Nie czytałem książki, ale film wydał mi się "bezpieczny", to znaczy nastawiony na w miarę wierne opowiedzenie fabuły bez kombinowania i udziwniania. Niestety, w efekcie adaptacja jest trochę nudna. Brakuje w niej jakiejś wyraźnej autorskiej wizji i w zasadzie nie bardzo wiadomo po co jeszcze raz przenosić Jane Eyre na ekran i co ta historia ma nam do zaoferowania w 2011 roku. Całości szkodzi też mdła, nijaka muzyka.
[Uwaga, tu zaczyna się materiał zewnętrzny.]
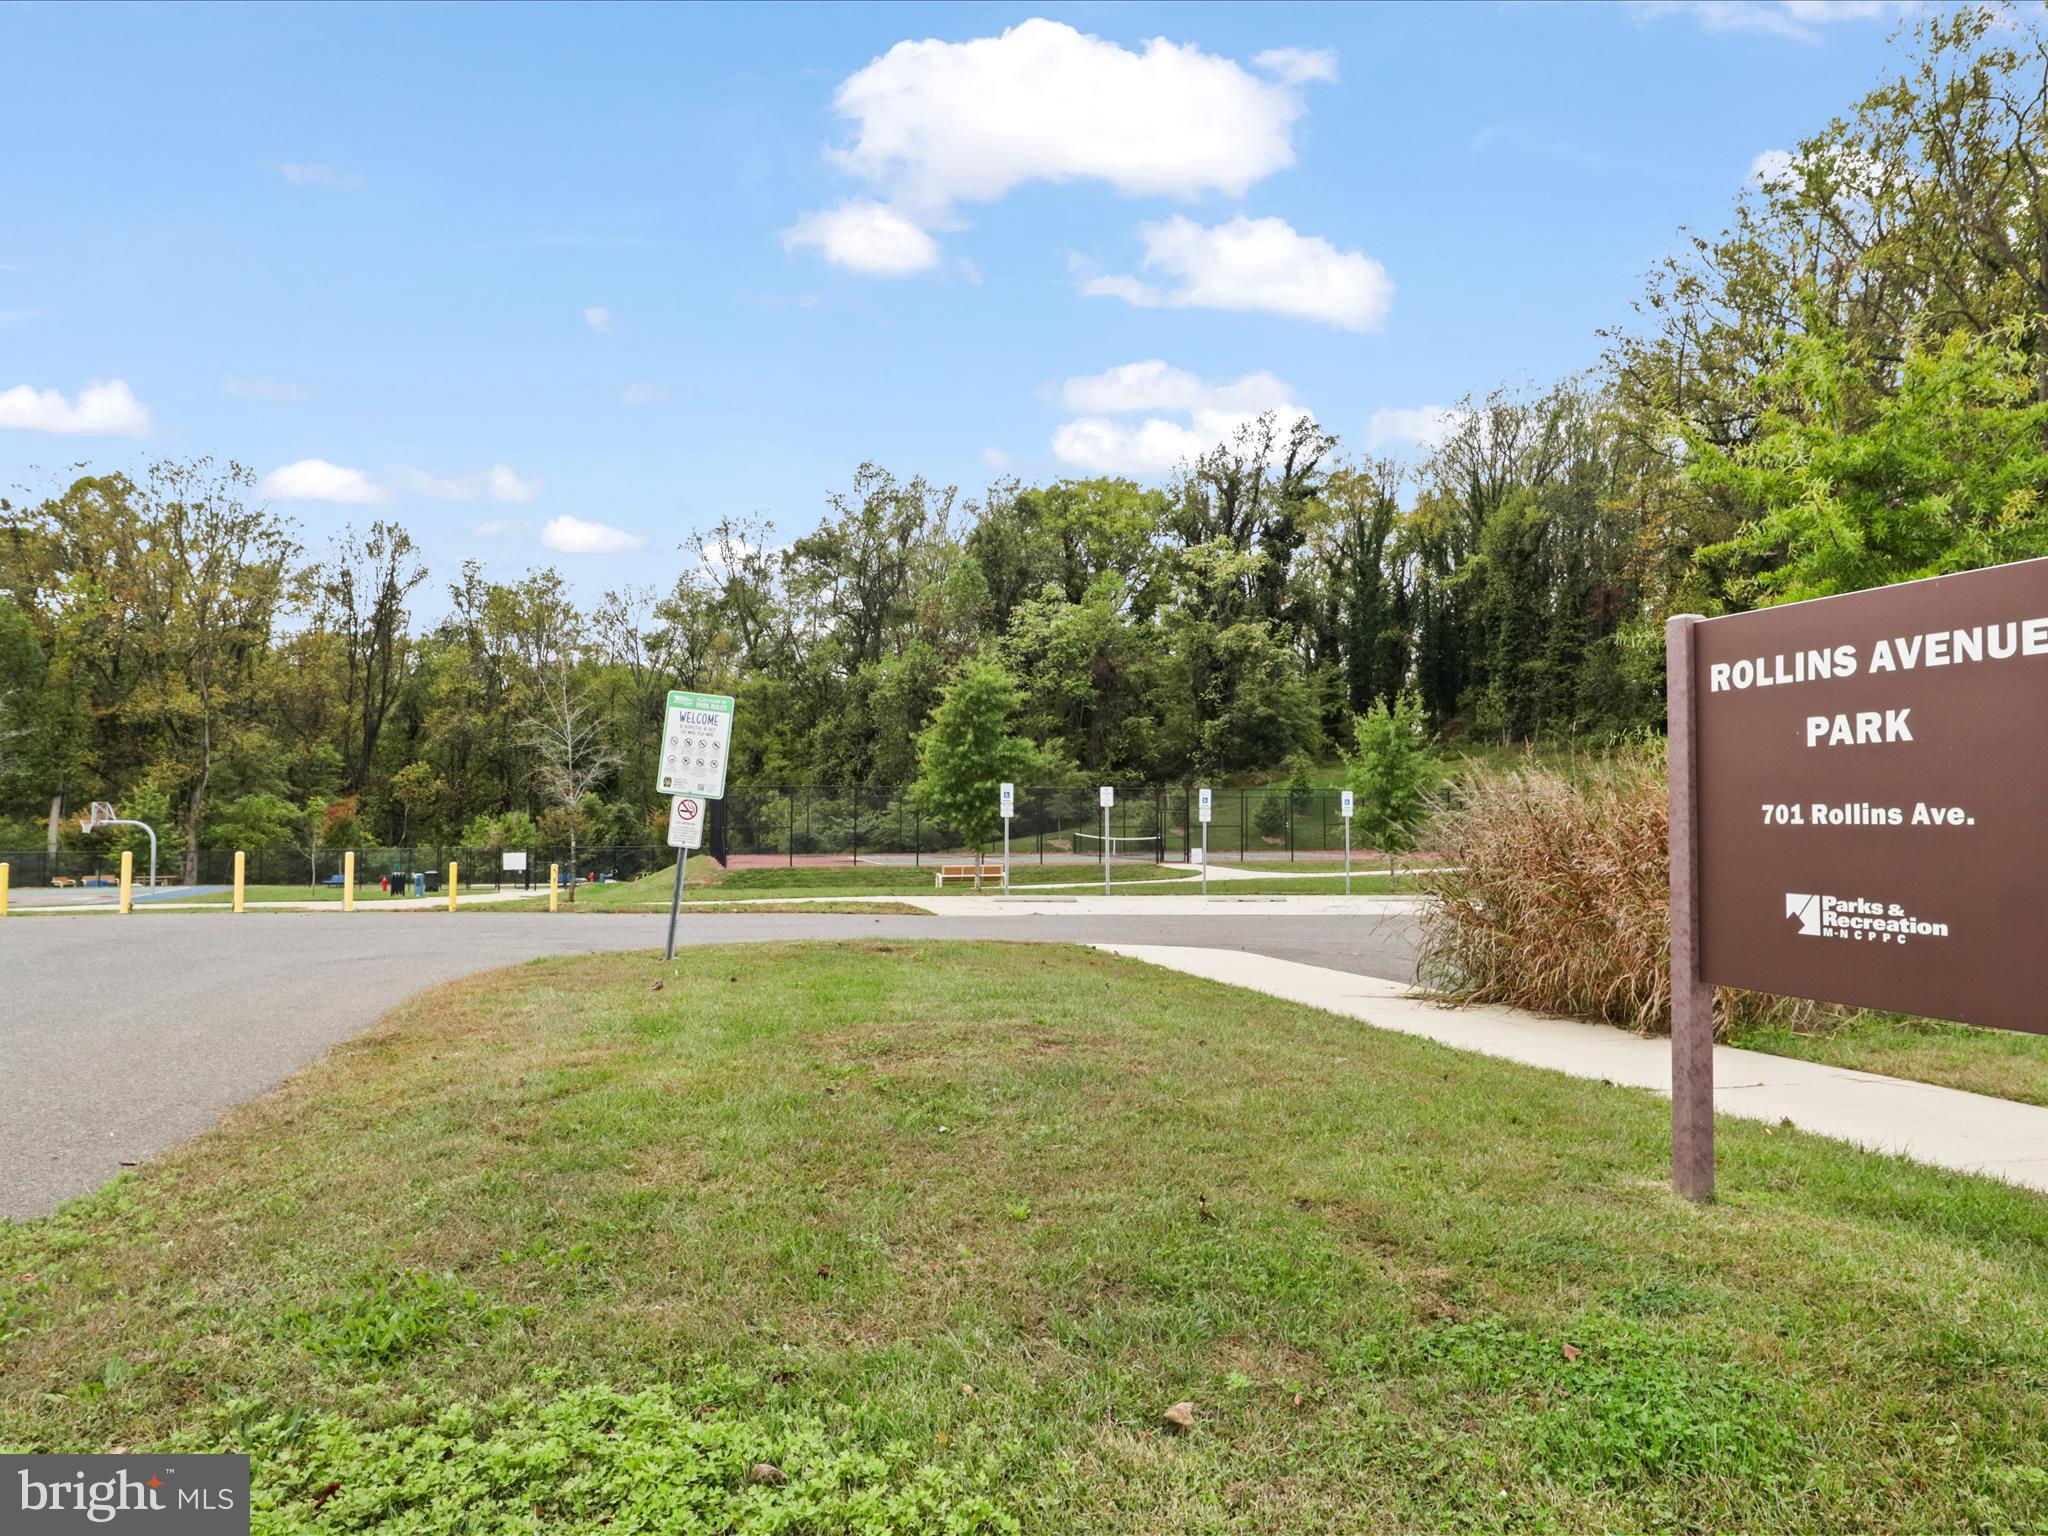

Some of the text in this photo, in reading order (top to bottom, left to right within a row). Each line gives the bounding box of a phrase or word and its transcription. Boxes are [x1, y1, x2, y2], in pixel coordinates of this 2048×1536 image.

Dwie wielkie zalety: Wasilkowska i Fassbender.
"Brakuje w niej jakiejś wyraźnej autorskiej wizji" - o to to! książkę czytałam, oglądałam też 3 poprzednie adaptacje i o ile każda z nich miała swój charakter, tak ta jest dość bezpłciowa. odtworzenie fragmentów książki i tyle. a oprócz muzyki nie zachwyciły mnie też kostiumy :)
Książkę na pewno przeczytam, a na razie czekam z niecierpliwością na Wichrowe Wzgórza w reżyserii Andrei Arnold. Ponoć są dla odmiany mocno udziwnione, więc pewnie wizji autorskiej nie zabraknie.
Czytałem je już z 10 lat temu, więc wypadałoby sobie odświeżyć, ale bardzo mi się podobały. Ciekaw jestem co Arnold z nich zrobiła...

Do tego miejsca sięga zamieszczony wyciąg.